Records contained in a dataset
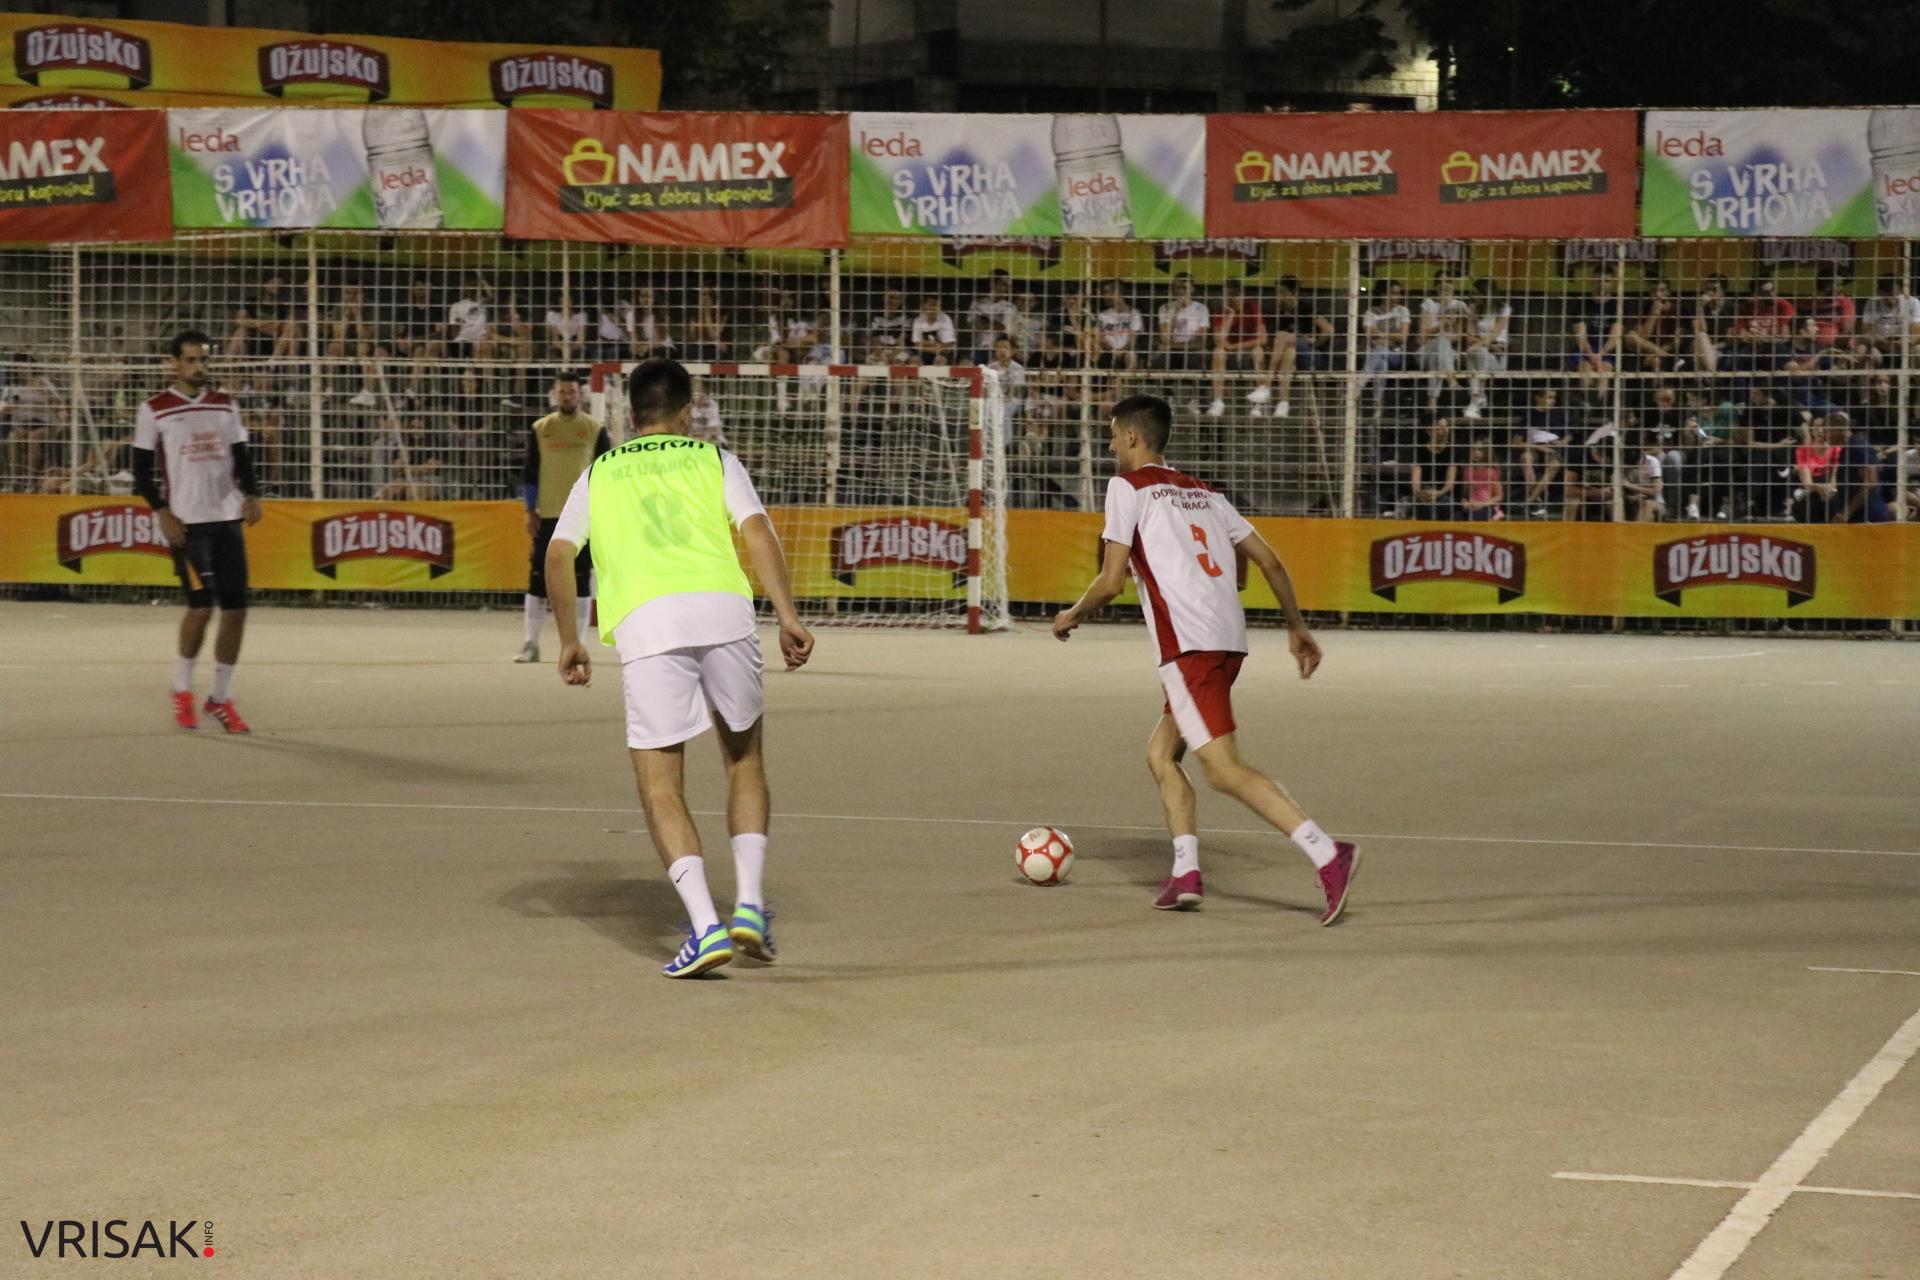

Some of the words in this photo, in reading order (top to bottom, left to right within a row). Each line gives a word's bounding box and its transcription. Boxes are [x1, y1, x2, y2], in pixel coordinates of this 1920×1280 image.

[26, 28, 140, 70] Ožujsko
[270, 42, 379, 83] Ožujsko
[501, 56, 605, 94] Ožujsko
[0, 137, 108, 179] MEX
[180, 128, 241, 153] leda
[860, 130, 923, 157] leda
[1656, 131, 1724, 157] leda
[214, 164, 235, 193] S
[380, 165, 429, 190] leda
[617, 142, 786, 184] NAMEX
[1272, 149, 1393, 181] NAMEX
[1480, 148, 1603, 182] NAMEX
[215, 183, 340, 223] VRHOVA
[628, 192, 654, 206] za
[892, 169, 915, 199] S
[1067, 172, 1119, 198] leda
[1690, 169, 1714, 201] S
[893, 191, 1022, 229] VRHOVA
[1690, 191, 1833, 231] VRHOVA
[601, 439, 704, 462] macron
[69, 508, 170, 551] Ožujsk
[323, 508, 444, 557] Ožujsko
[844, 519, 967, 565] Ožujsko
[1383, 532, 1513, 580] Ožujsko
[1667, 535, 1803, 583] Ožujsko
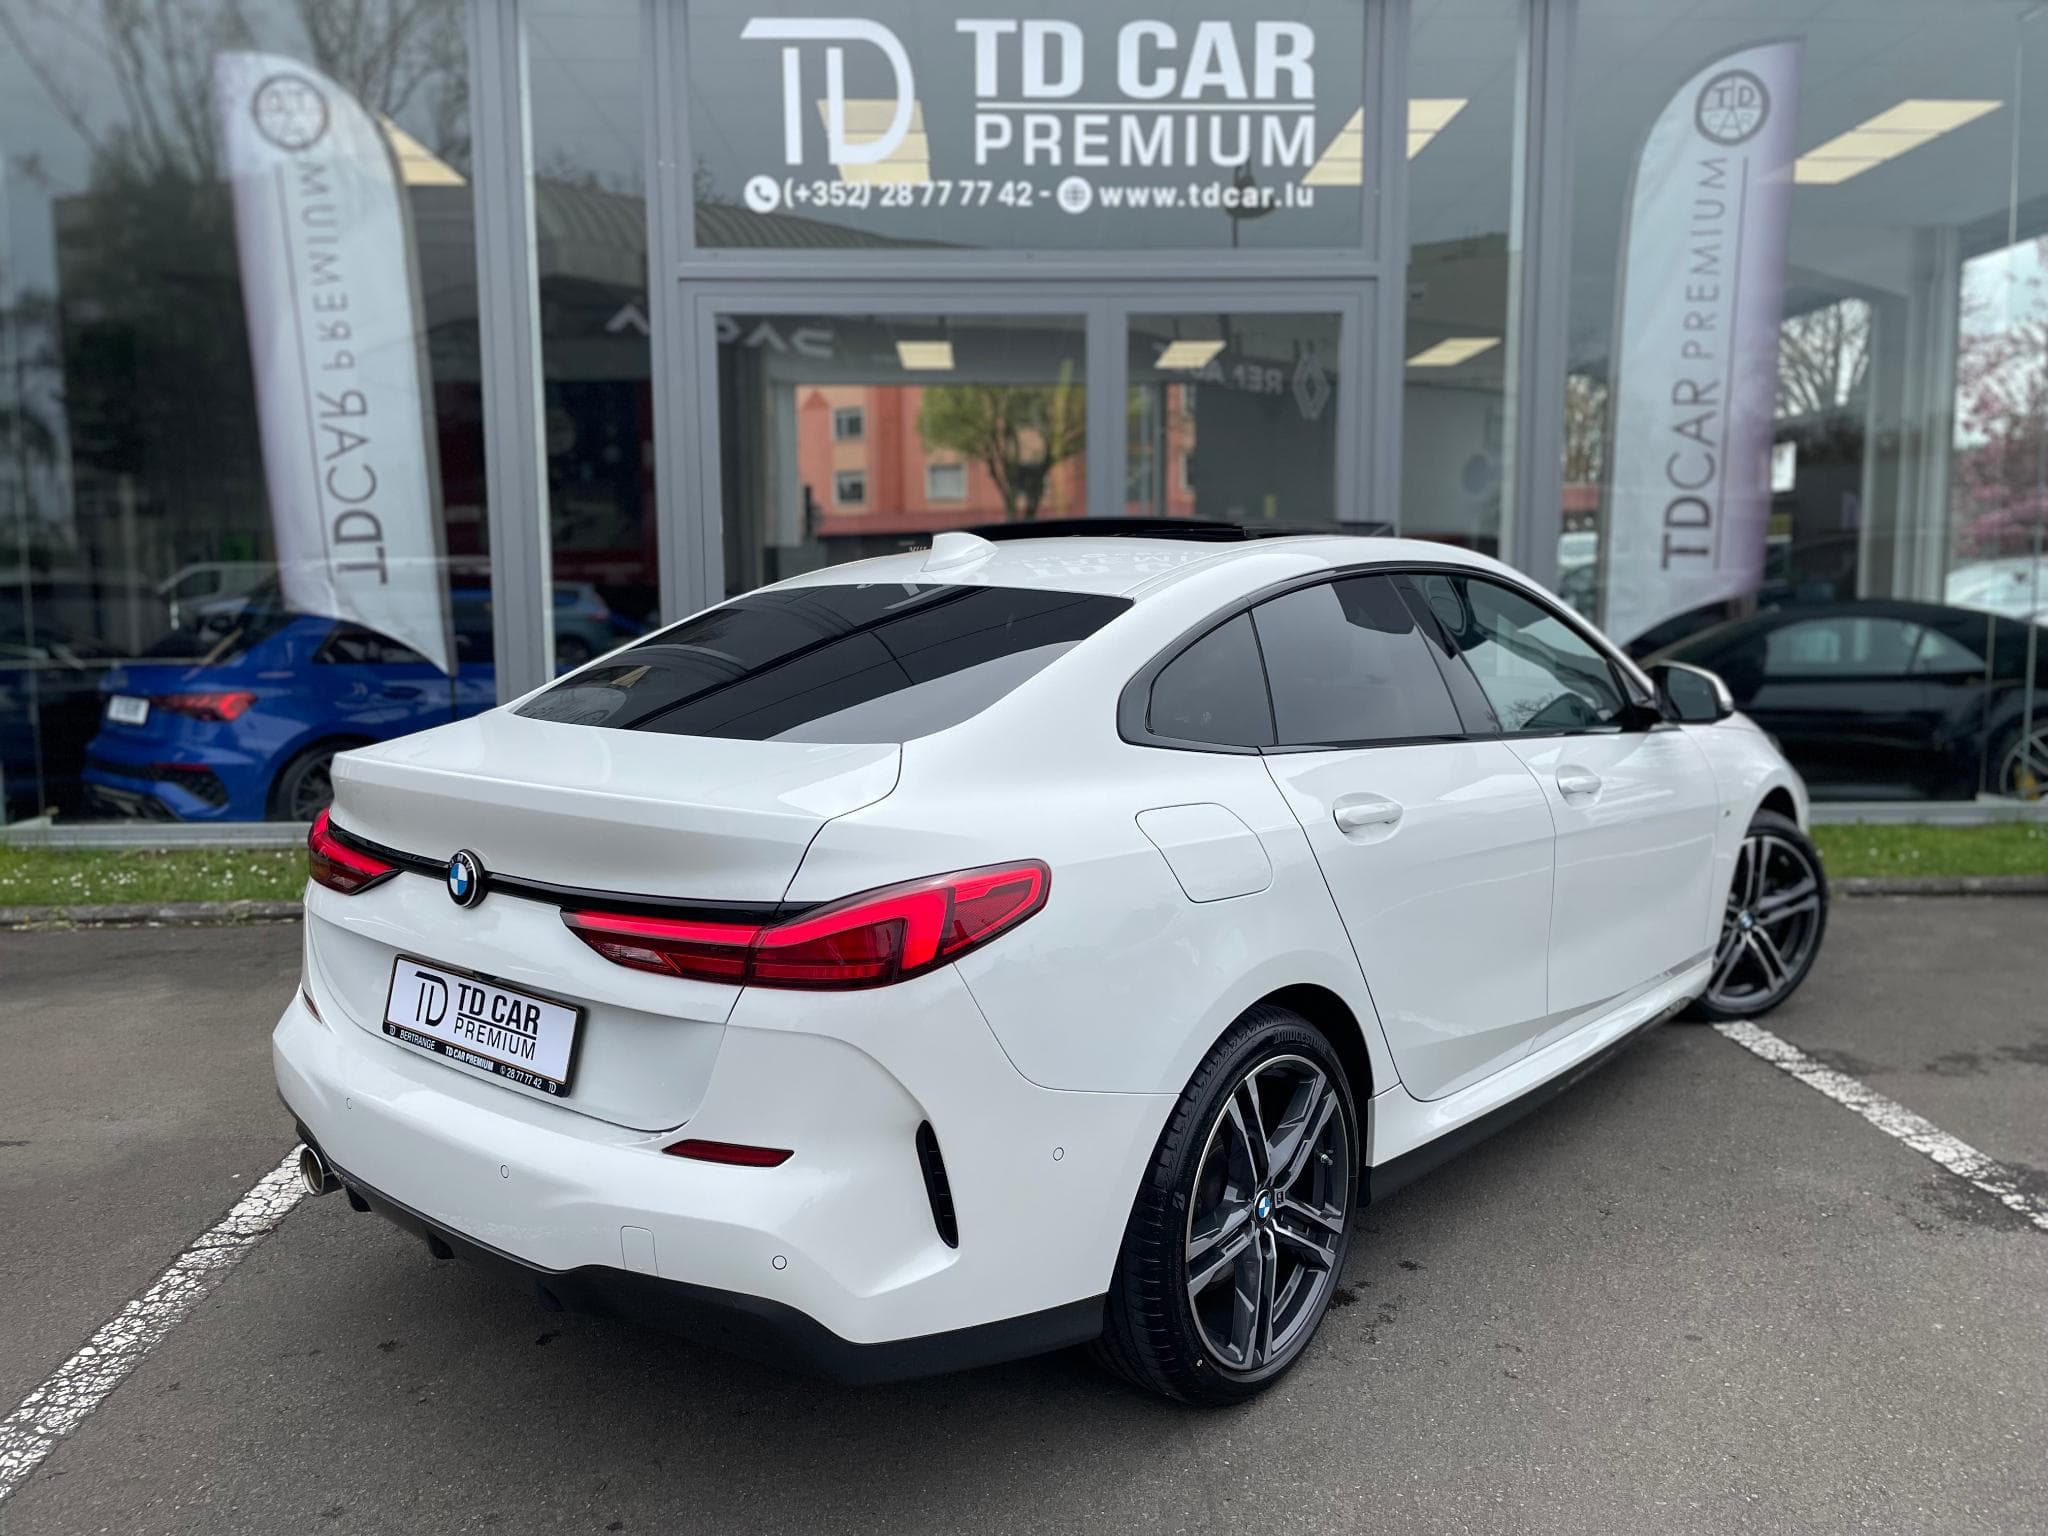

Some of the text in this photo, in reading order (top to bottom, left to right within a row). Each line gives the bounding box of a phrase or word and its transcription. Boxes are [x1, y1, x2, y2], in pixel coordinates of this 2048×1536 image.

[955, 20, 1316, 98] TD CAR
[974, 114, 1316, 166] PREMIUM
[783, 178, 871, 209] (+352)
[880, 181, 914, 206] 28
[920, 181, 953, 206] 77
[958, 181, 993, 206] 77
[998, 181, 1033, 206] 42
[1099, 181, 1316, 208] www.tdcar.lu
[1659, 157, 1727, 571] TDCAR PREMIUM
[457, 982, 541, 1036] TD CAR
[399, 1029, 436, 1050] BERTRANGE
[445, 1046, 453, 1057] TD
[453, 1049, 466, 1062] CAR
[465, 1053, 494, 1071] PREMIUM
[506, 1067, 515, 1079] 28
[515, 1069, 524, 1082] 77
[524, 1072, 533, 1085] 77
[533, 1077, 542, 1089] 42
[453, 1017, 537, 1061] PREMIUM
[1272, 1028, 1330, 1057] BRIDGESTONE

Work order —
Output each record above word for word, leaving out images.

Result of the task —
Some of the words in this photo, in reading order (top to bottom, left to right within a row). Each line gives a word's bounding box and its transcription. Boxes are [x1, y1, x2, y2], in pixel coordinates of this 1920×1280 image.

[26, 28, 140, 70] Ožujsko
[270, 42, 379, 83] Ožujsko
[501, 56, 605, 94] Ožujsko
[0, 137, 108, 179] MEX
[180, 128, 241, 153] leda
[860, 130, 923, 157] leda
[1656, 131, 1724, 157] leda
[214, 164, 235, 193] S
[380, 165, 429, 190] leda
[617, 142, 786, 184] NAMEX
[1272, 149, 1393, 181] NAMEX
[1480, 148, 1603, 182] NAMEX
[215, 183, 340, 223] VRHOVA
[628, 192, 654, 206] za
[892, 169, 915, 199] S
[1067, 172, 1119, 198] leda
[1690, 169, 1714, 201] S
[893, 191, 1022, 229] VRHOVA
[1690, 191, 1833, 231] VRHOVA
[601, 439, 704, 462] macron
[69, 508, 170, 551] Ožujsk
[323, 508, 444, 557] Ožujsko
[844, 519, 967, 565] Ožujsko
[1383, 532, 1513, 580] Ožujsko
[1667, 535, 1803, 583] Ožujsko

Some of the text in this photo, in reading order (top to bottom, left to right within a row). Each line gives the bounding box of a phrase or word and its transcription. Boxes are [x1, y1, x2, y2], in pixel coordinates of this 2048×1536 image.

[955, 20, 1316, 98] TD CAR
[974, 114, 1316, 166] PREMIUM
[783, 178, 871, 209] (+352)
[880, 181, 914, 206] 28
[920, 181, 953, 206] 77
[958, 181, 993, 206] 77
[998, 181, 1033, 206] 42
[1099, 181, 1316, 208] www.tdcar.lu
[1659, 157, 1727, 571] TDCAR PREMIUM
[457, 982, 541, 1036] TD CAR
[399, 1029, 436, 1050] BERTRANGE
[445, 1046, 453, 1057] TD
[453, 1049, 466, 1062] CAR
[465, 1053, 494, 1071] PREMIUM
[506, 1067, 515, 1079] 28
[515, 1069, 524, 1082] 77
[524, 1072, 533, 1085] 77
[533, 1077, 542, 1089] 42
[453, 1017, 537, 1061] PREMIUM
[1272, 1028, 1330, 1057] BRIDGESTONE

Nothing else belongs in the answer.